I’ve heard there are two kinds of sports books:
They either turn their subject into a metaphor for something vast and unrelated to the outcomes of relatively meaningless games (the strongest examples being Friday Night Lights and the more recent Scoreboard, Baby), or they attempt to expose how things “really” are behind dead-bolted locker room doors (Jim Bouton’s Ball Four being the genre’s progenitor and Jeff Pearlman’s Boys Will Be Boys serving as the most entertaining contemporary offering).
Bottom of the 33d fits both.
While describing the longest baseball game ever – a minor league contest starting the night before Easter, pausing in the early hours of the next day, and then finishing over a month later – Barry spends plenty of time behind the locker room, and front office, doors. He provides details on some of the players who would make it to the big leagues, and, in the case of Cal Ripken and Wade Boggs, the Hall of Fame. He also spends a lot of time on the ones who never made it. Not much is breaking news, but it’s all interesting.
It’s also Dan Barry writing. To his credit, the stories about the ones who didn’t make it are more interesting. Both career coaches and players are his real interest. Those stories are where the literary part takes over. Now the theme expands beyond baseball to dreams, and determination, and finding meaning when, in spite of all the determination, dreams die.
Of course, Barry’s writing gets on my nerves from time to time. Too consciously literary, I think. And I lost count of how many times he emphasized some player or coach’s minor league bona-fides by listing, or more like chanting, the many mid-sized but not terrible important cities through which the pilgrim had passed: “From Shreveport to Rochester to Little Rock to Yadda, yadda, yadda, another minor league town.” By mid-book, whenever I saw the name of a town, I just skipped to the next paragraph. Kind of like I do whenever Tom Wolfe mentions an article of clothing.

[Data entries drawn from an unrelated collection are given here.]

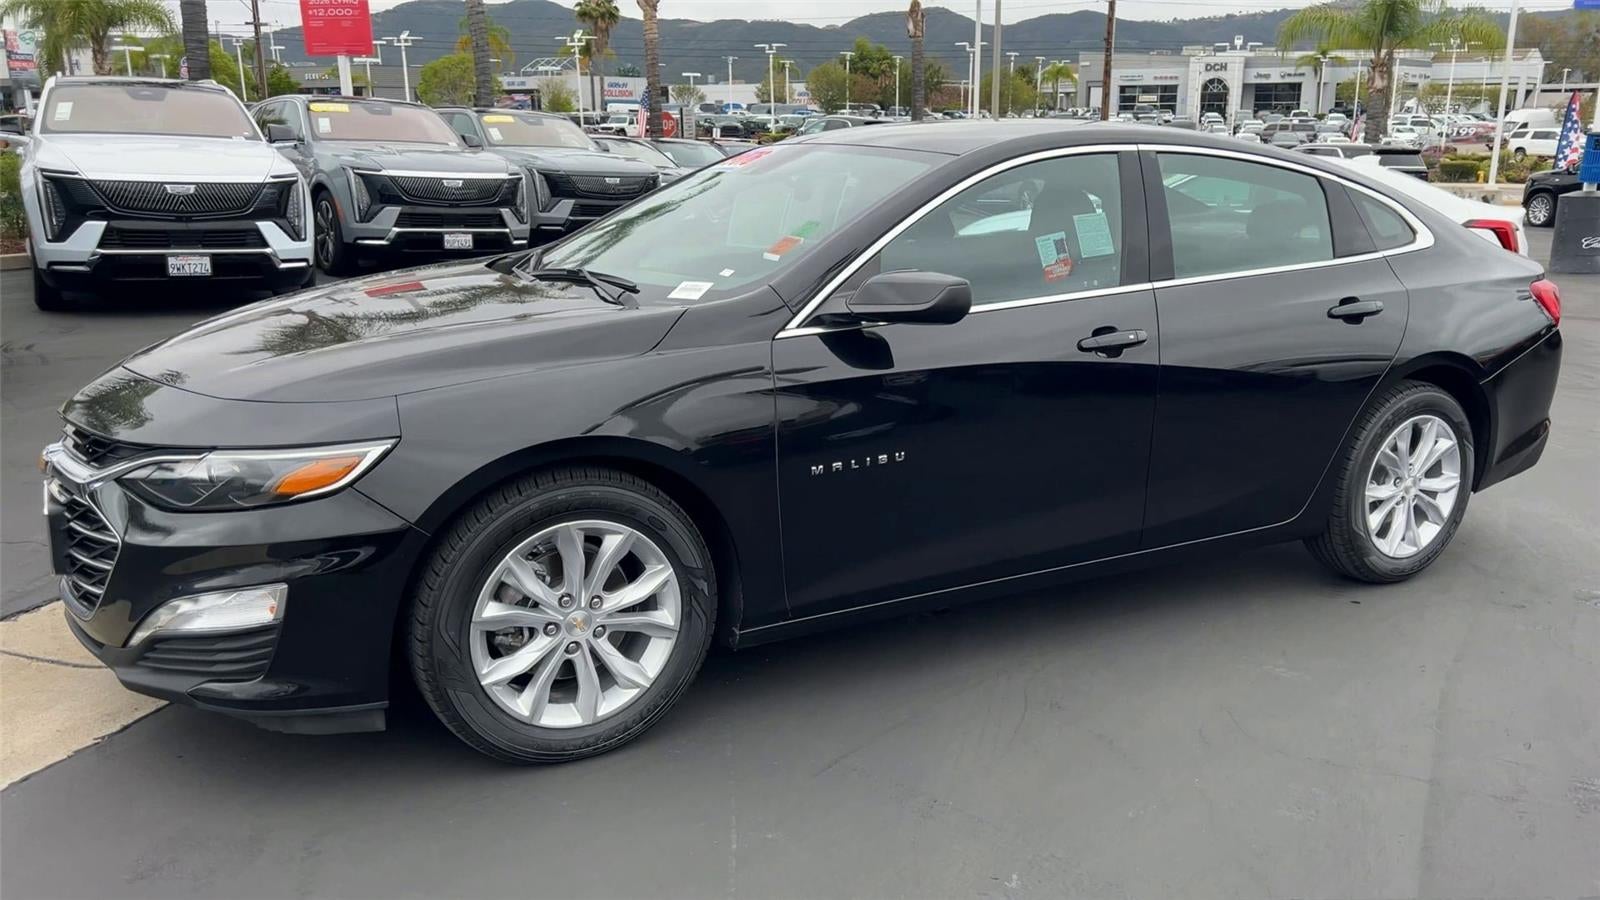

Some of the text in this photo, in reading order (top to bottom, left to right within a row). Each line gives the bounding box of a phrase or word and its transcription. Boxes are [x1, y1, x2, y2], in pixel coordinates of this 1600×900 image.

[1205, 62, 1228, 72] DCH
[662, 119, 674, 130] OP
[170, 263, 209, 273] 9WKT274
[811, 451, 905, 475] MALIBU
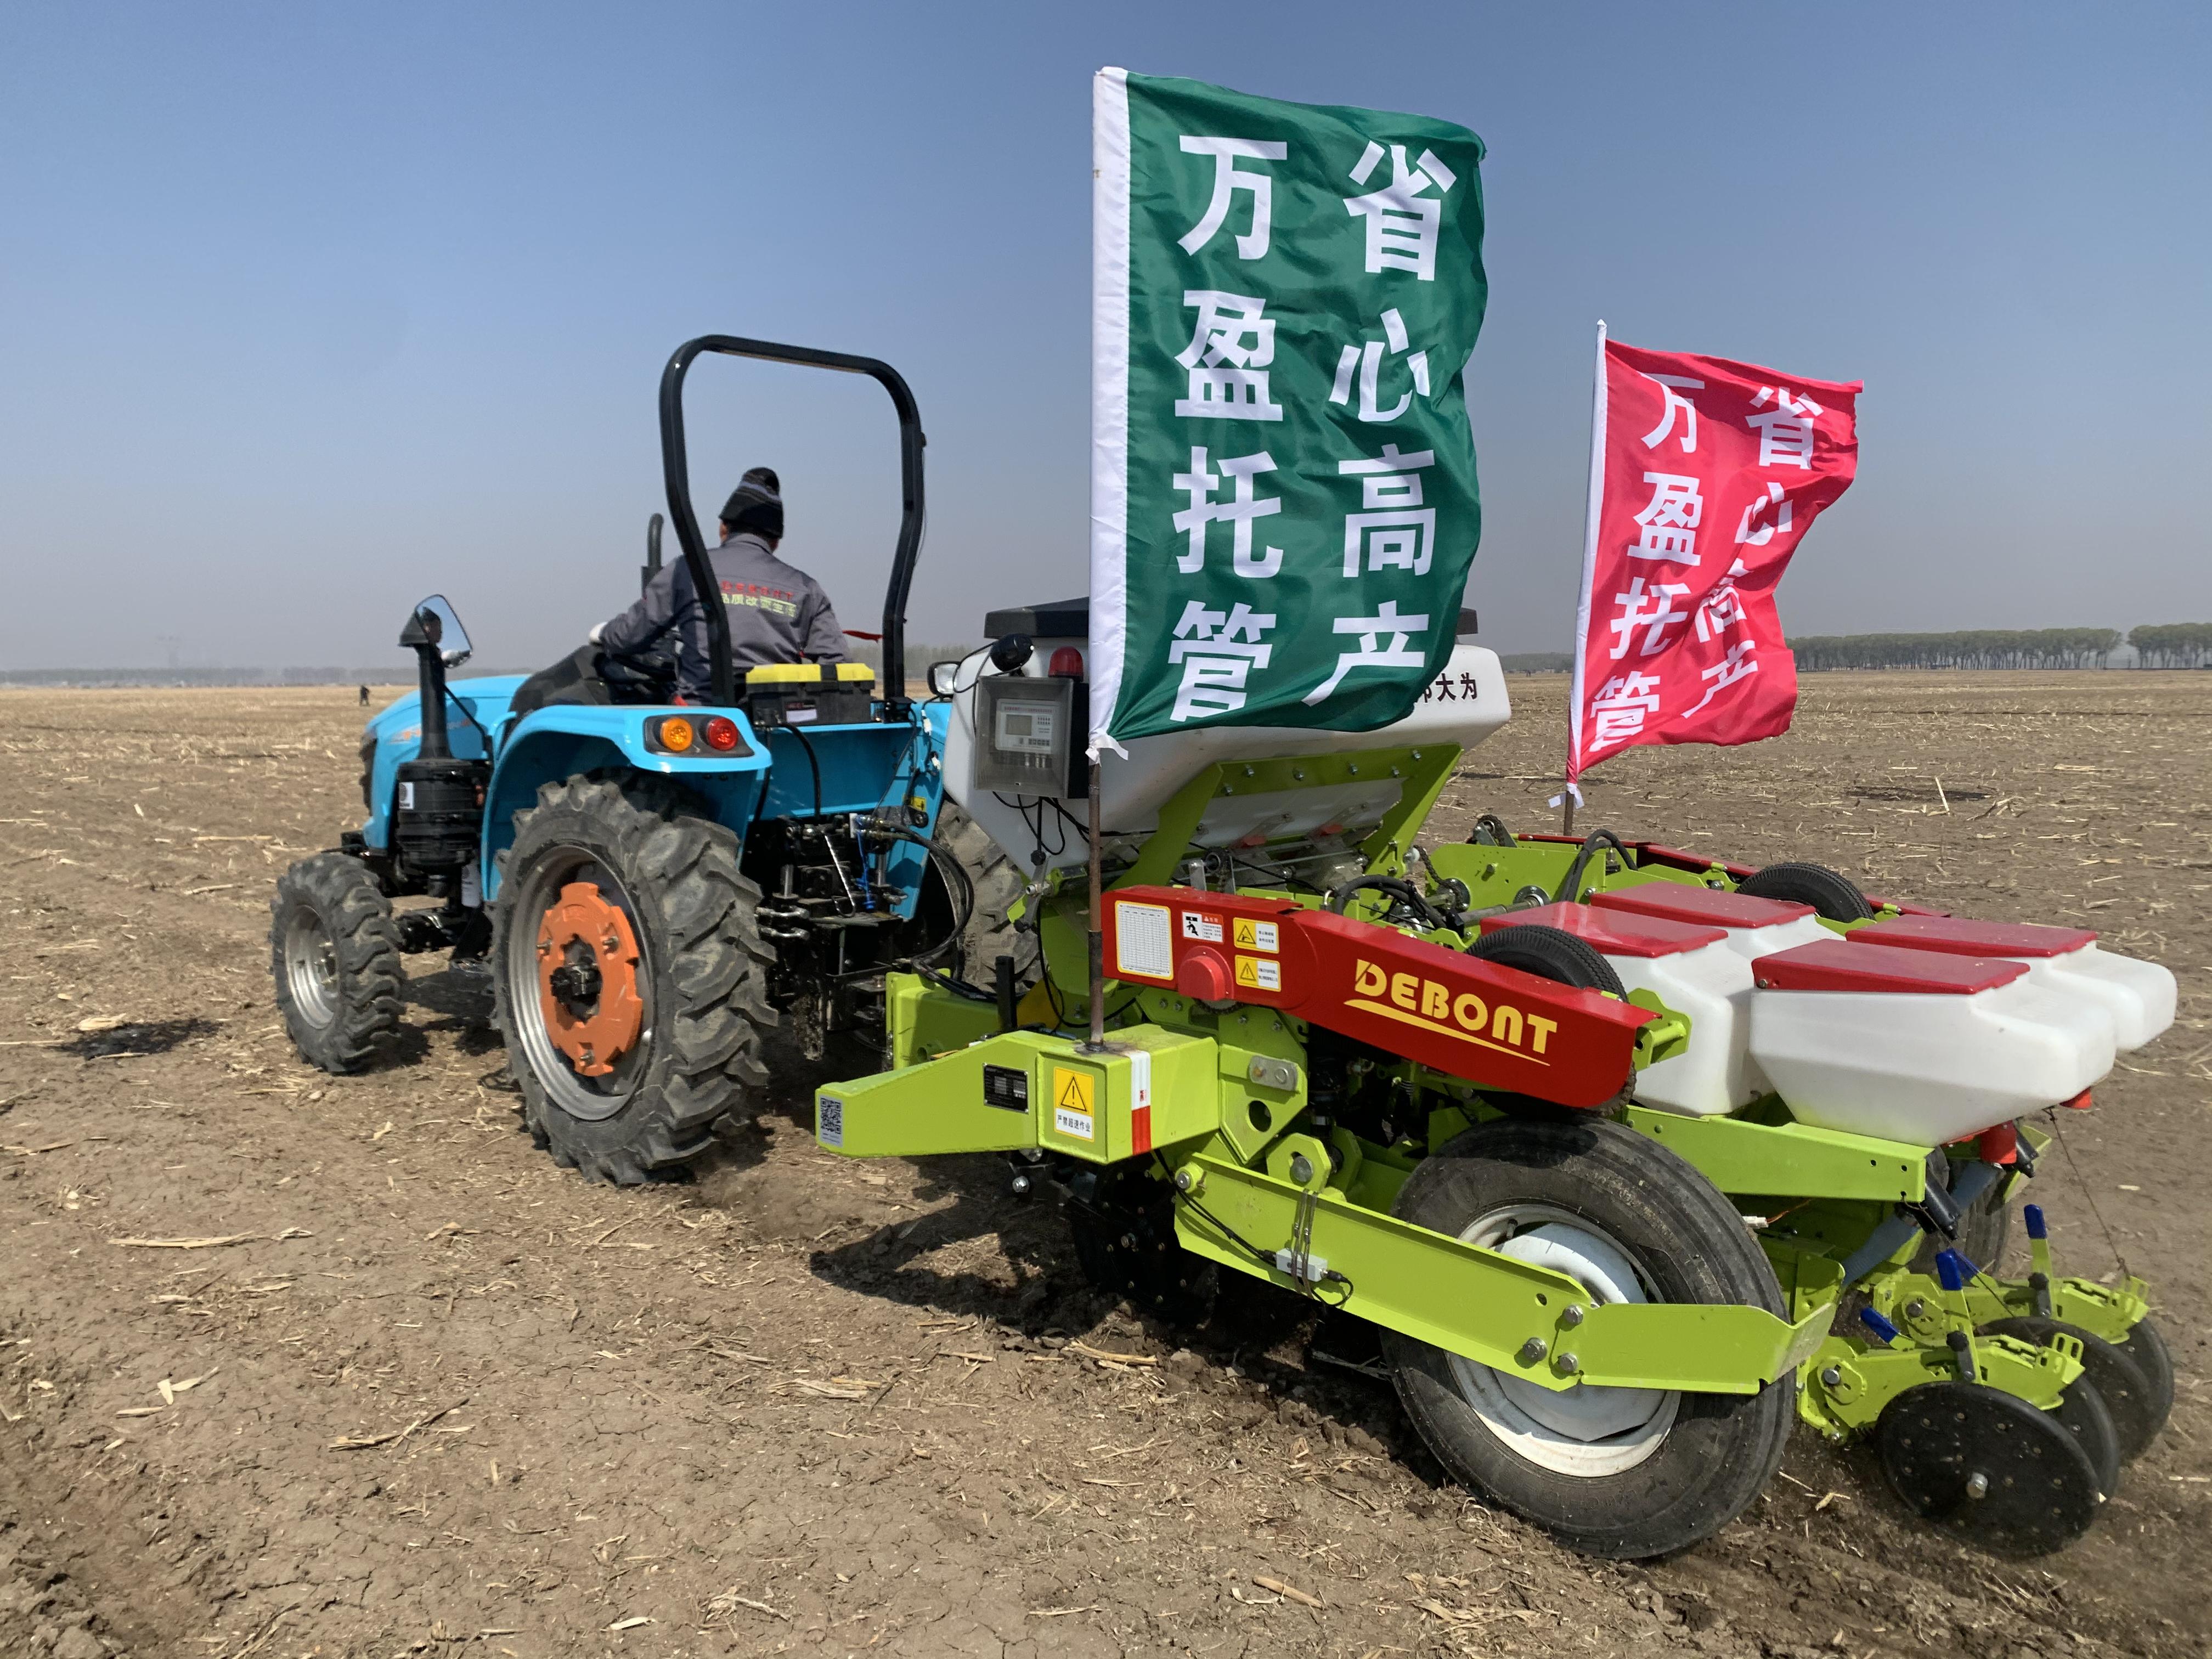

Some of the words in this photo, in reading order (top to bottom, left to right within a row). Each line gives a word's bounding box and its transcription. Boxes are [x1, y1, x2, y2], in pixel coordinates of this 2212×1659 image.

[1168, 135, 1288, 722] 万盈托管
[1301, 140, 1457, 707] 省心高产
[1589, 370, 1705, 752] 万盈托管
[1680, 386, 1824, 719] 省心高产
[1424, 672, 1477, 703] 大为
[1057, 1114, 1091, 1132] 严禁超速作业
[1355, 958, 1558, 1054] DEBONT

Even with the at times overdone language and style, I enjoyed the book. If nothing else, my next Captains experience certainly differed from previous visits. That’s a place where dreams die; our local independent minor league team, the Captains are the hospice of professional baseball. Having read Bottom of the 33d, though, I appreciated the hustle, work, and desire these guys all had. None of them are going anywhere, yet they all still play as if they could. At one time I would have called that pathetic, now I’m more sympathetic. They’re chasing a dream, and who am I to fault them, even if the dream is obviously winning.